The We Believe Movement.Authentic. You can’t turn around in the social media echo chamber without bumping into this word. The problem is, beyond the social media land of unicorns, authentic isn’t relevant.

As I explored in Don’t Be Authentic: Real Social Media Marketing Advice on SpinSucks, we don’t really want to see authentic in social media. It is an idealized view that for most organizations is as unrealistic as it is attractive. (Aaron Wagner makes some great comments about this in the discussion here on Social Media Today as well).

Authentic is the wrong objective. What is the right one?

Be Believable

The advice to be authentic has been distorted along the way. What is important is how your audience sees you. It does not matter if that image is you with no changes or a carefully refined version of you.

1. Believable is Audience Focused
Authentic creates a conflict. On one hand, you are advised to develop personas and a deep understanding of your audience in order to create an effective social media program. On the other, you are advised to be authentic to who you are. The problem is, authentic focuses on you when you need to be focused on your audience.

Believable solves this conflict. Being believable in social media allows you to deliver value, through education, entertainment or function, based on the personas and audience insight you have developed.

2. Believable Requires Good Social Media Behavior
If you say one thing and do another, you are not believable. Being believable requires being true to what you say you are. It requires identifying a well rounded image you will project and never veering from it.

3. Belieavable Encourages Personality
Today, brands need to engage, not broadcast. Personality creates more memorable conversation, and brands are no different. Being believable requires having a personality (or even lack of one!) that is infused throughout everything you do.

Be Believable

Being believable is about how your connections see you. Believable focuses us on why authentic mattered while acknowledging authenticity often isn’t desirable (if you haven’t yet, read Don’t Be Authentic: Real Social Media Marketing Advice now).

I would offer believable as the word Augie Ray means in his post about Chrysler, Fiat and the Brand Value of Authenticity. Augie doesn’t know if Marshall drives a Chrysler, but he believes it could be true.

This is not about authentic, it is about believable. Chrysler was believable, Fiat was just a thin marketing veneer.
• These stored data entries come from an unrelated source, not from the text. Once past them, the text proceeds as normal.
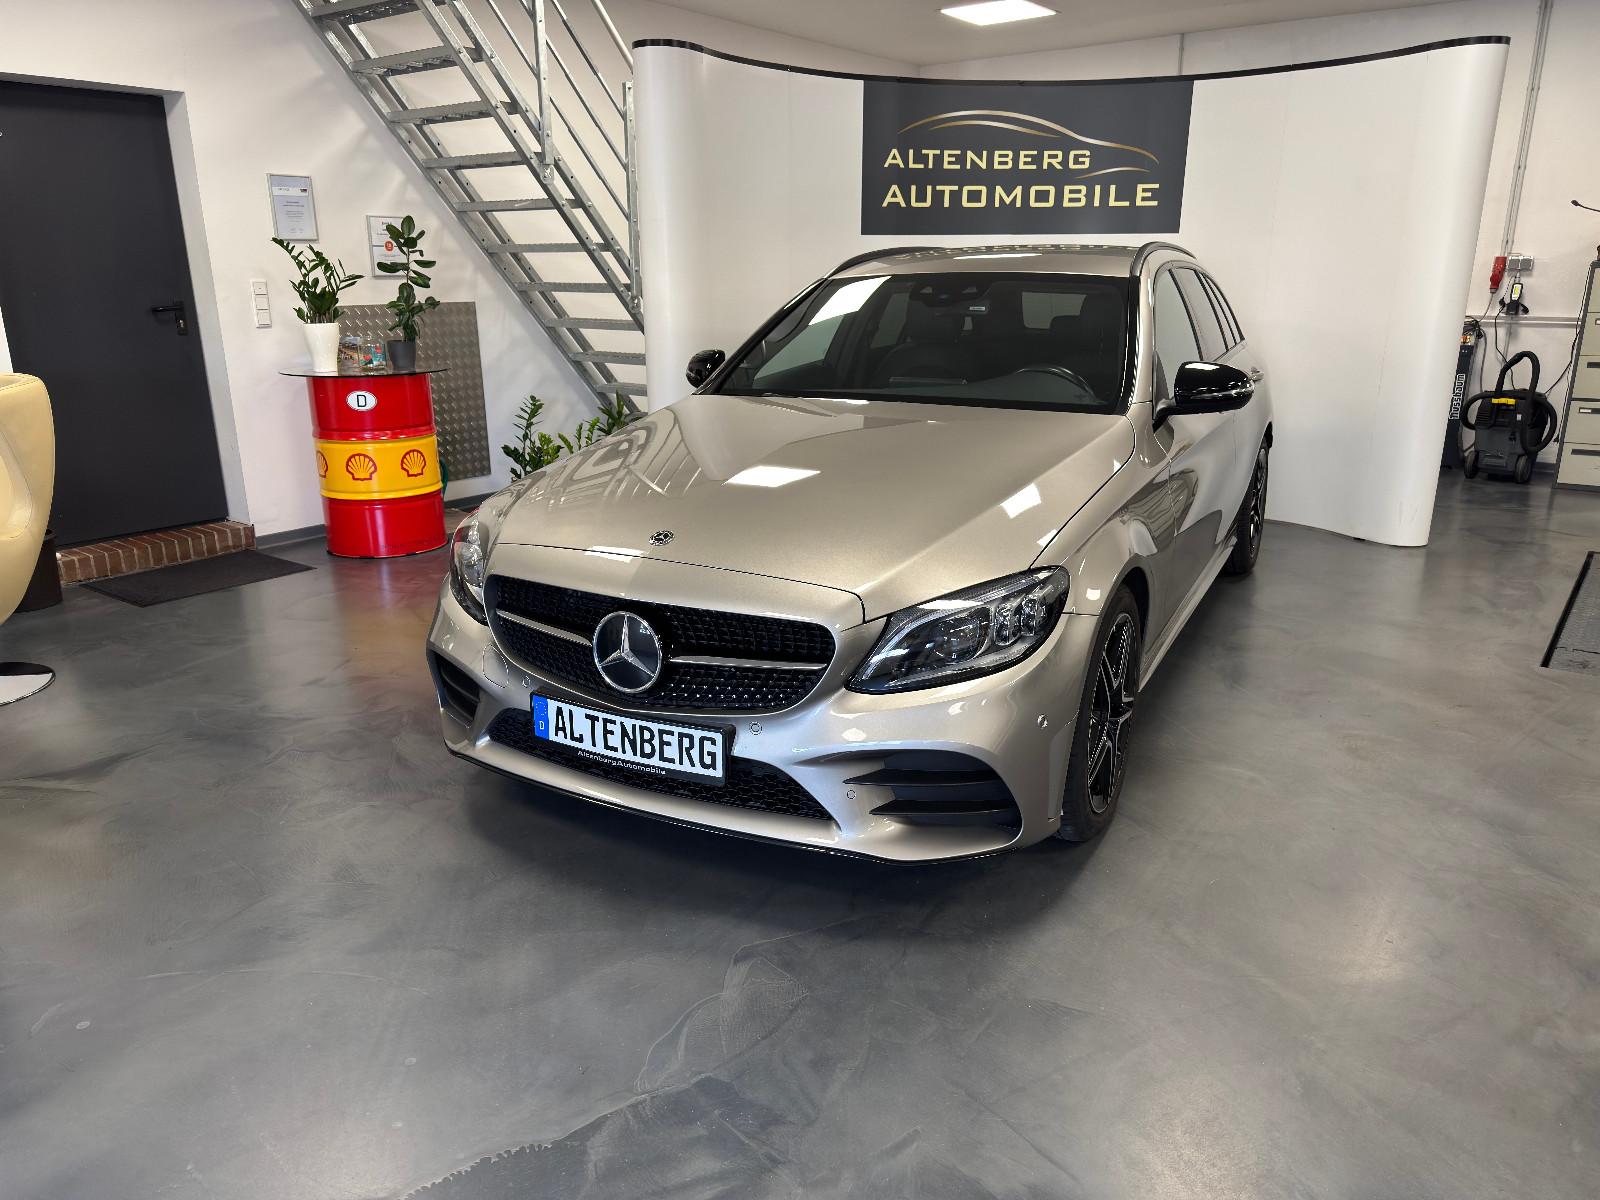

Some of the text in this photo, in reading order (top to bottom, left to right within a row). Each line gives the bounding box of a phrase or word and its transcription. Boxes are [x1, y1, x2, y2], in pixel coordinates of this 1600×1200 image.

[884, 148, 1091, 170] ALTENBERG
[882, 183, 1160, 208] AUTOMOBILE
[356, 394, 367, 408] D
[539, 720, 545, 730] D
[554, 705, 717, 771] ALTENBERG
Is Authentic Worth Anything?

There are hints of your authentic business everywhere, and when you deviate too far, you are no longer believable. But as Chrysler did, you can shape the image you project as long as it remains believable.

It’s time to move past authentic and the misdirection it provides and realize social media and modern marketing are about being believable.

Parting Thoughts

Always remember, social media audiences are empowered and can be ruthless in their application of power. Being believable means living what you say you are. Slip up and your audience will call you out. Slip up twice and they may never come back.